### Exercise aim
Please repeat the entries exactly as they appear and omit any images.

** The records follows **

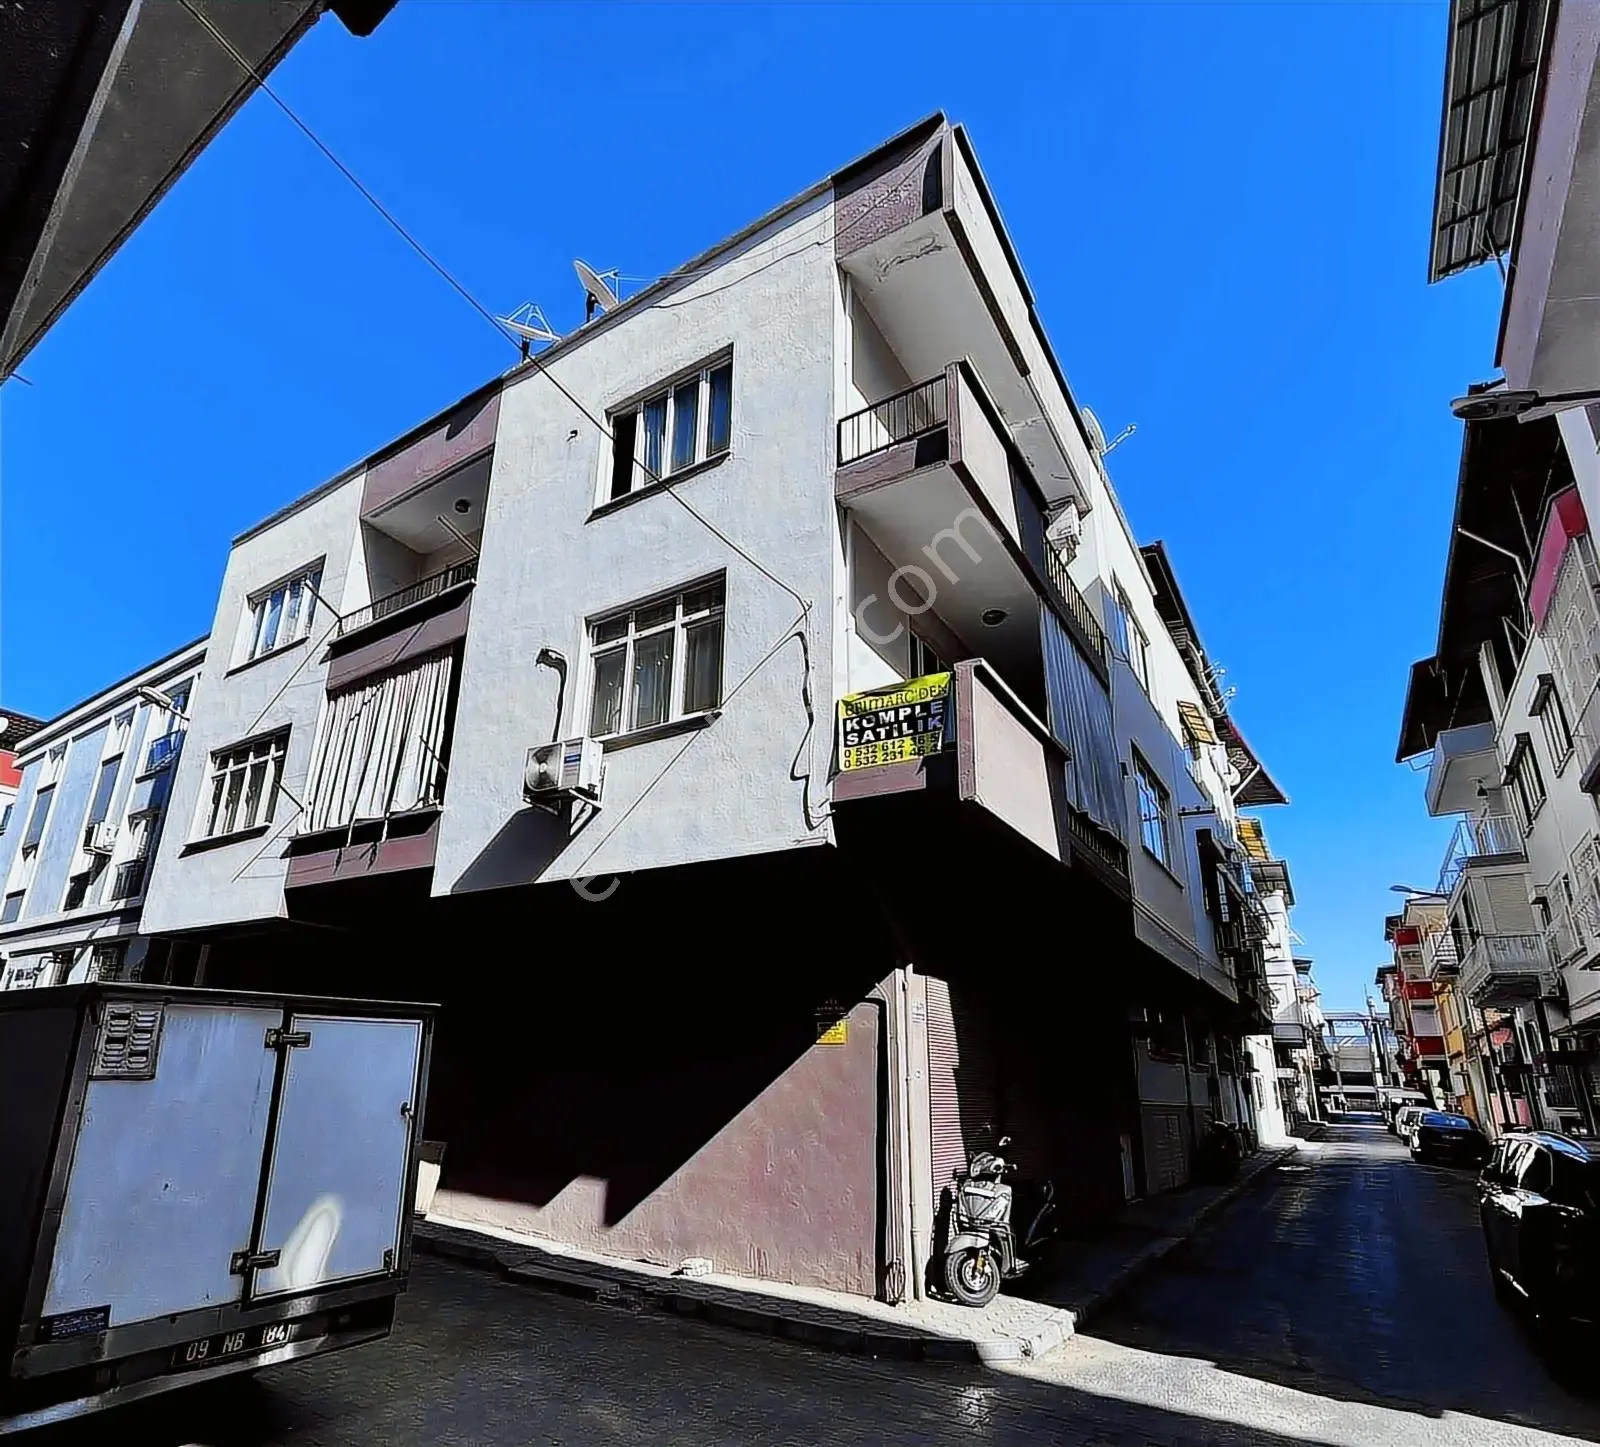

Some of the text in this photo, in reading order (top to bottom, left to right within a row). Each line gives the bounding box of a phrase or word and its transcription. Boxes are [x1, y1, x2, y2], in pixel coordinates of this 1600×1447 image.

[846, 700, 944, 732] KOMPLE
[844, 749, 852, 759] 0
[855, 744, 878, 757] 532
[881, 739, 905, 752] 612
[844, 759, 852, 769] 0
[855, 754, 878, 765] 532
[881, 750, 904, 761] 231
[186, 1339, 209, 1361] 09

** End of The records **

### Output of the task
Some of the text in this photo, in reading order (top to bottom, left to right within a row). Each line gives the bounding box of a phrase or word and its transcription. Boxes are [x1, y1, x2, y2], in pixel coordinates of this 1600×1447 image.

[846, 700, 944, 732] KOMPLE
[844, 749, 852, 759] 0
[855, 744, 878, 757] 532
[881, 739, 905, 752] 612
[844, 759, 852, 769] 0
[855, 754, 878, 765] 532
[881, 750, 904, 761] 231
[186, 1339, 209, 1361] 09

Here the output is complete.